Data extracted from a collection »
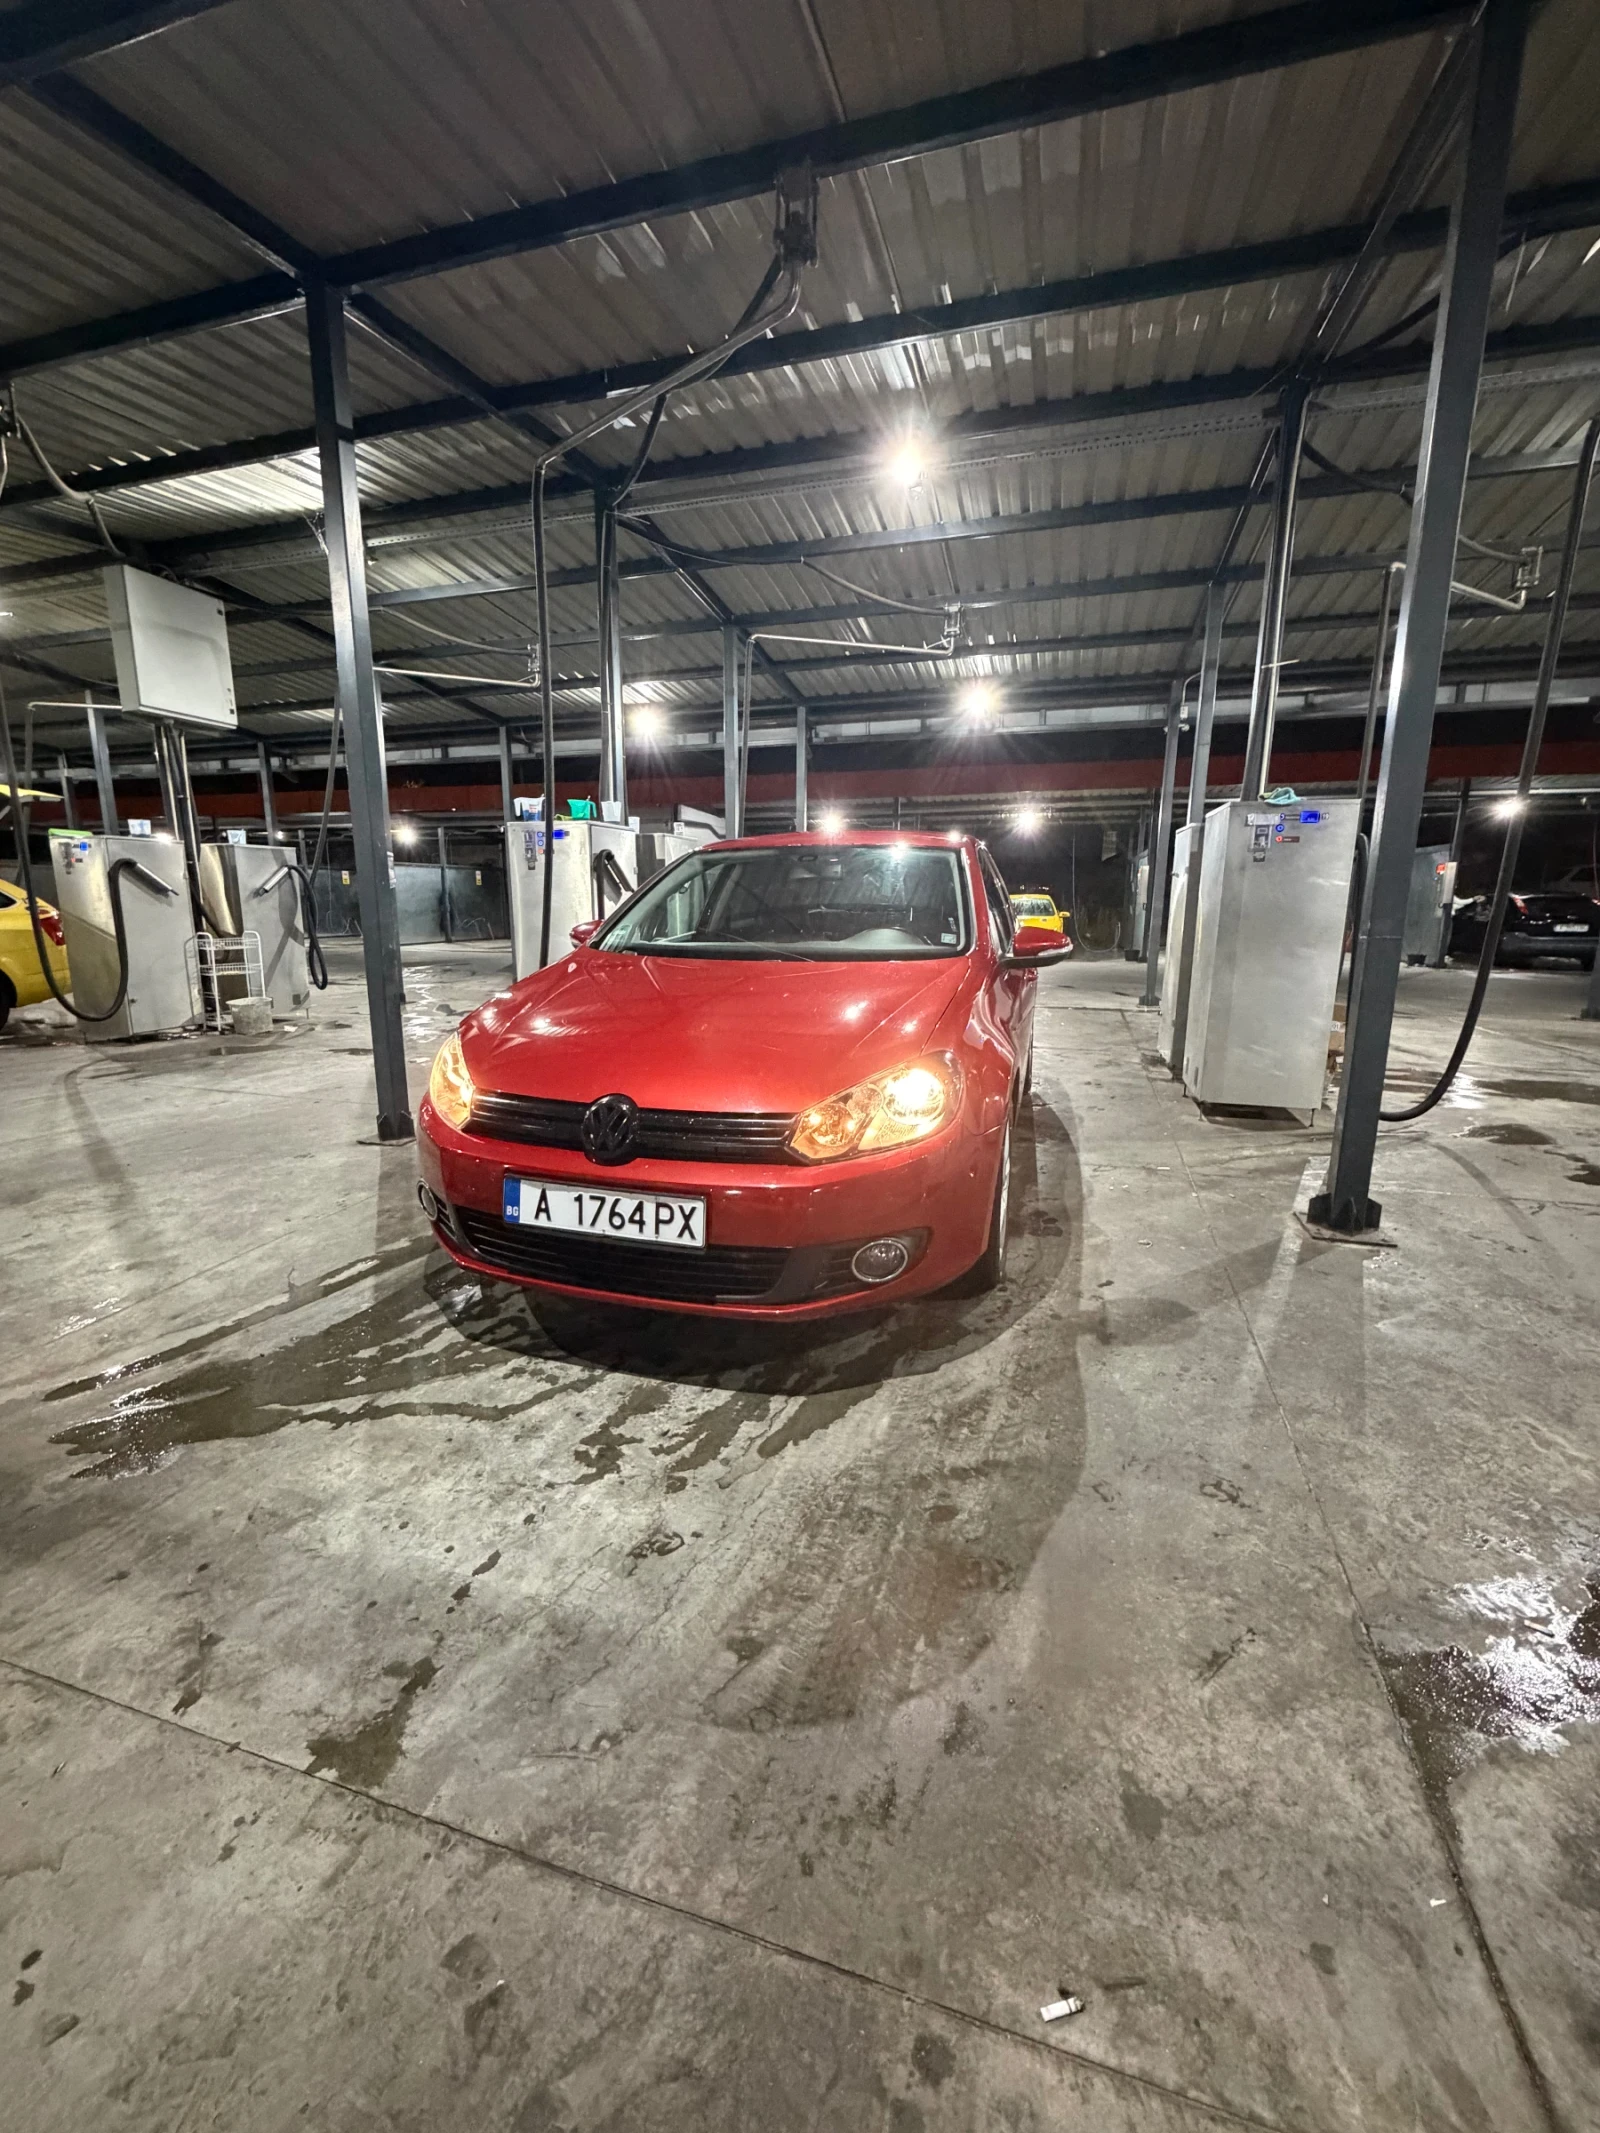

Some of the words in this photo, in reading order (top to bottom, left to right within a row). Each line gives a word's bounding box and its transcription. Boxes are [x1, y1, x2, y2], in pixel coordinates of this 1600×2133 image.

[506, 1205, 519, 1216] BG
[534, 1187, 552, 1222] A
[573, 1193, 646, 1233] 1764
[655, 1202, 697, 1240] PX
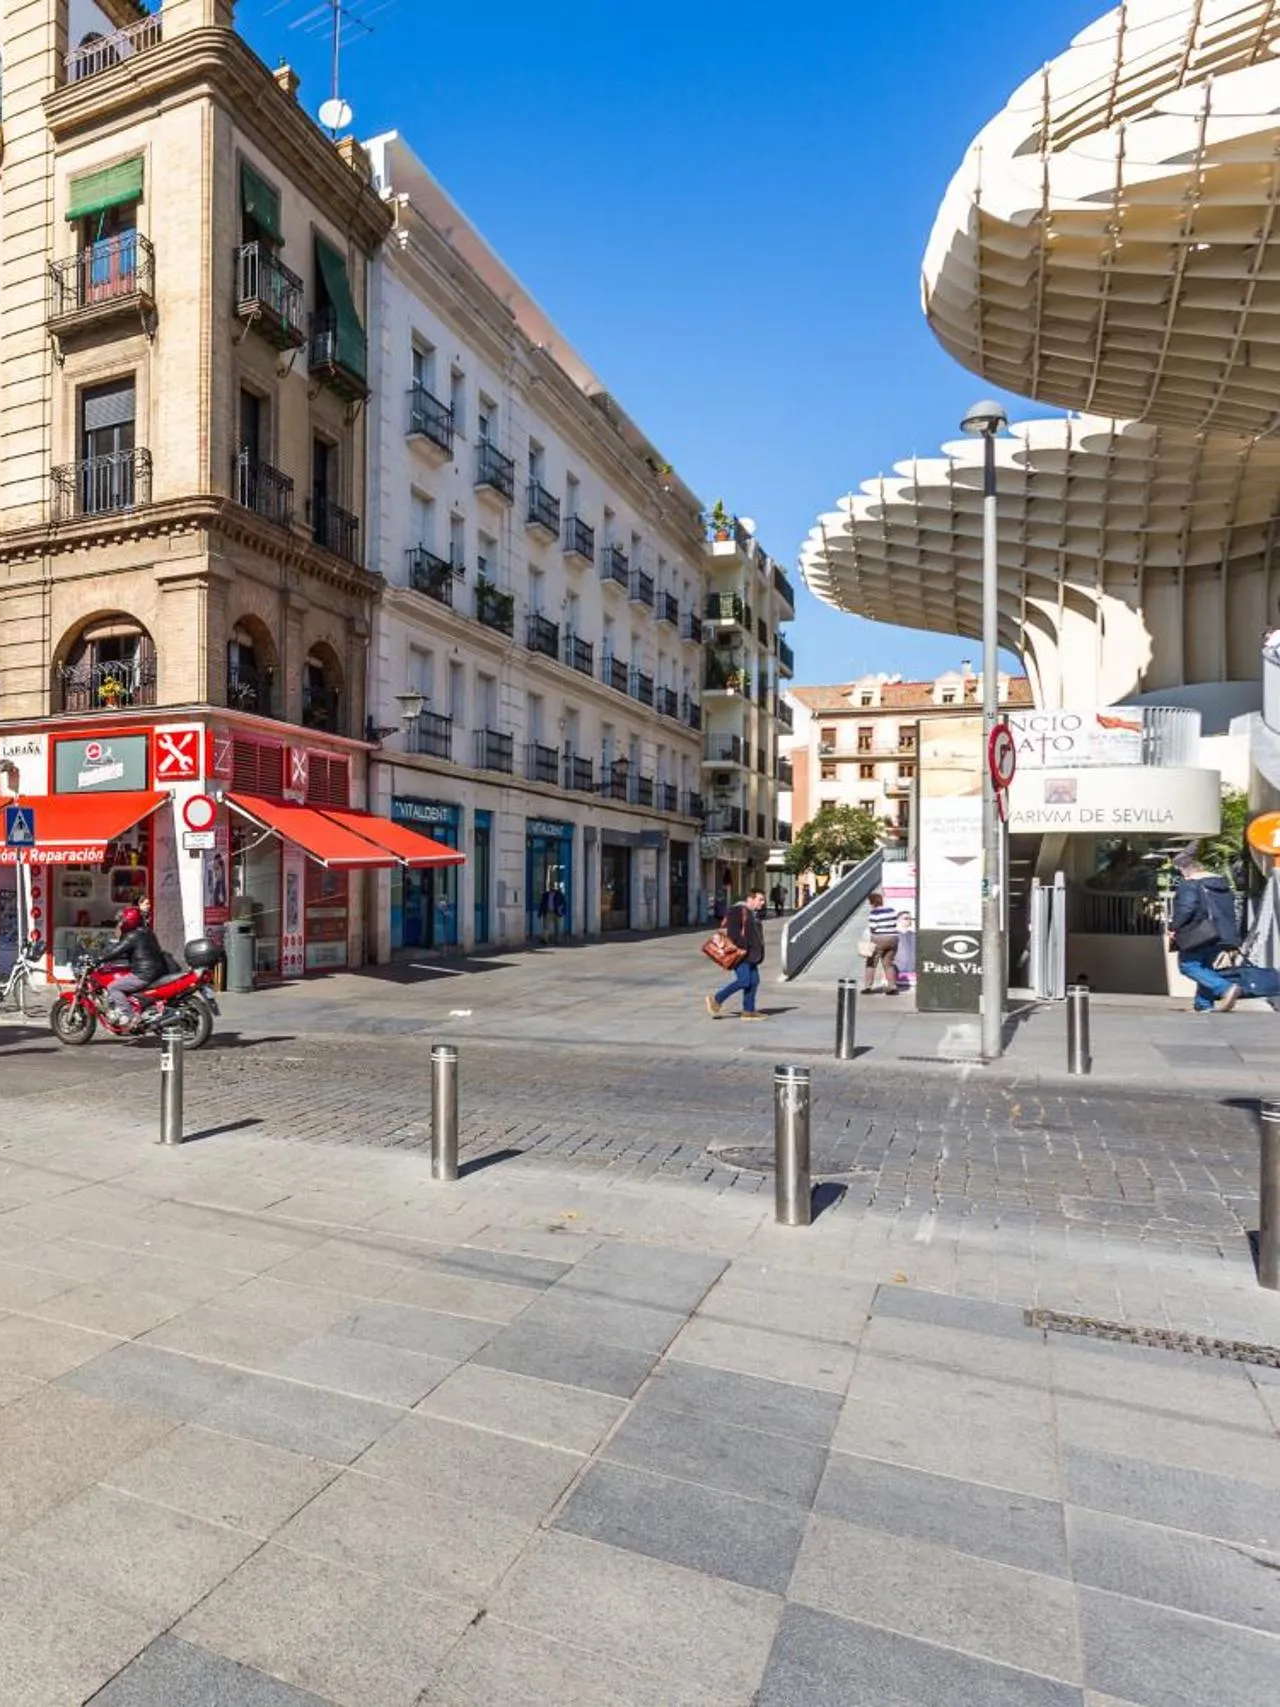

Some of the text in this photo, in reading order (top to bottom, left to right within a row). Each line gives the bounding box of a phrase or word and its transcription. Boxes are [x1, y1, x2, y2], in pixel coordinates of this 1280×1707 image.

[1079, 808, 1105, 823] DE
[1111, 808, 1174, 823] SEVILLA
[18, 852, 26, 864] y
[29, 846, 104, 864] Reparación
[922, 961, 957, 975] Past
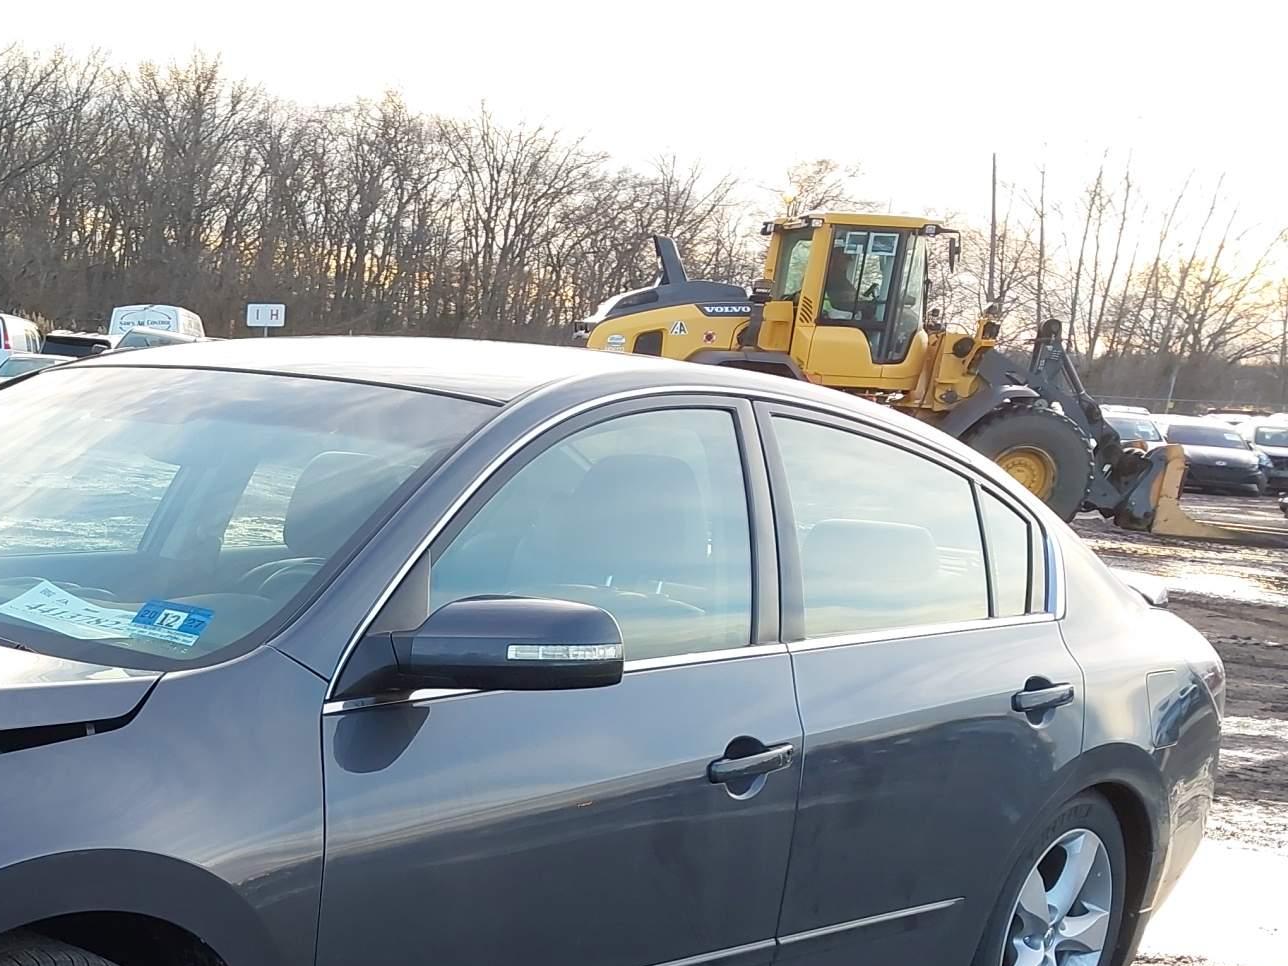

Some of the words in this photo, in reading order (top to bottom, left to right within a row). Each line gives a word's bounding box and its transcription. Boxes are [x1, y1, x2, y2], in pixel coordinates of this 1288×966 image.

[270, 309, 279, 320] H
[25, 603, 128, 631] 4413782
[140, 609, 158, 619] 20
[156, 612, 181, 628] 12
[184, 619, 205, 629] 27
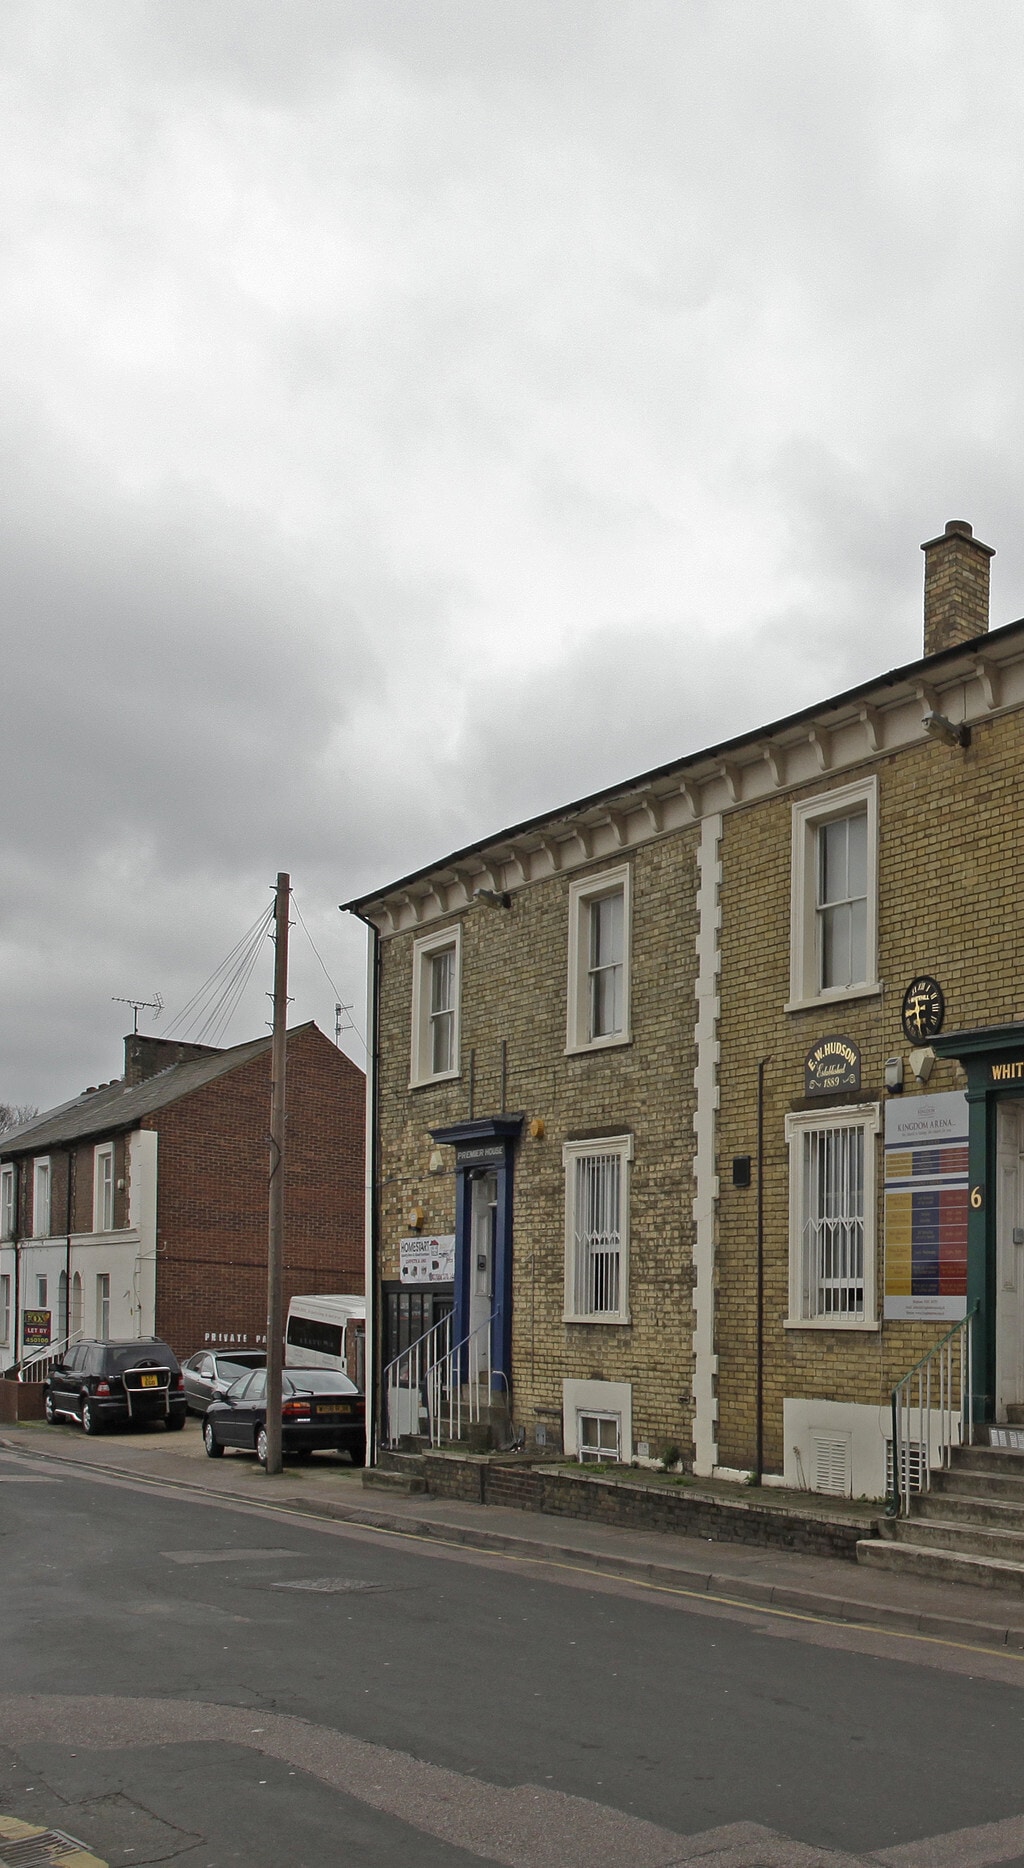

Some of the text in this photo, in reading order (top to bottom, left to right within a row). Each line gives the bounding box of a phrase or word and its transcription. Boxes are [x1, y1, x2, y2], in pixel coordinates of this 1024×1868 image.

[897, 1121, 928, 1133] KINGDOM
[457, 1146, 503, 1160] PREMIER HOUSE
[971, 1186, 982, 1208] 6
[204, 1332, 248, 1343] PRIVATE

What the exercise asks » When repeating the entries, leave out every picture and keep the rest exact.

Answer for this exercise »
Some of the words in this photo, in reading order (top to bottom, left to right within a row). Each line gives a word's bounding box and its transcription. Boxes are [x1, y1, x2, y2], in pixel coordinates of this 1600×2133 image.

[506, 1205, 519, 1216] BG
[534, 1187, 552, 1222] A
[573, 1193, 646, 1233] 1764
[655, 1202, 697, 1240] PX

Some of the text in this photo, in reading order (top to bottom, left to right within a row). Each line gives the bounding box of a phrase or word and its transcription. Boxes are [x1, y1, x2, y2], in pixel coordinates of this 1280×1707 image.

[1079, 808, 1105, 823] DE
[1111, 808, 1174, 823] SEVILLA
[18, 852, 26, 864] y
[29, 846, 104, 864] Reparación
[922, 961, 957, 975] Past

Some of the words in this photo, in reading order (top to bottom, left to right within a row). Each line gives a word's bounding box and its transcription. Boxes are [x1, y1, x2, y2], in pixel coordinates of this 1288×966 image.

[270, 309, 279, 320] H
[25, 603, 128, 631] 4413782
[140, 609, 158, 619] 20
[156, 612, 181, 628] 12
[184, 619, 205, 629] 27

Some of the text in this photo, in reading order (top to bottom, left to right within a row). Each line gives the bounding box of a phrase or word and its transcription. Boxes are [x1, y1, x2, y2], in pixel coordinates of this 1024×1868 image.

[897, 1121, 928, 1133] KINGDOM
[457, 1146, 503, 1160] PREMIER HOUSE
[971, 1186, 982, 1208] 6
[204, 1332, 248, 1343] PRIVATE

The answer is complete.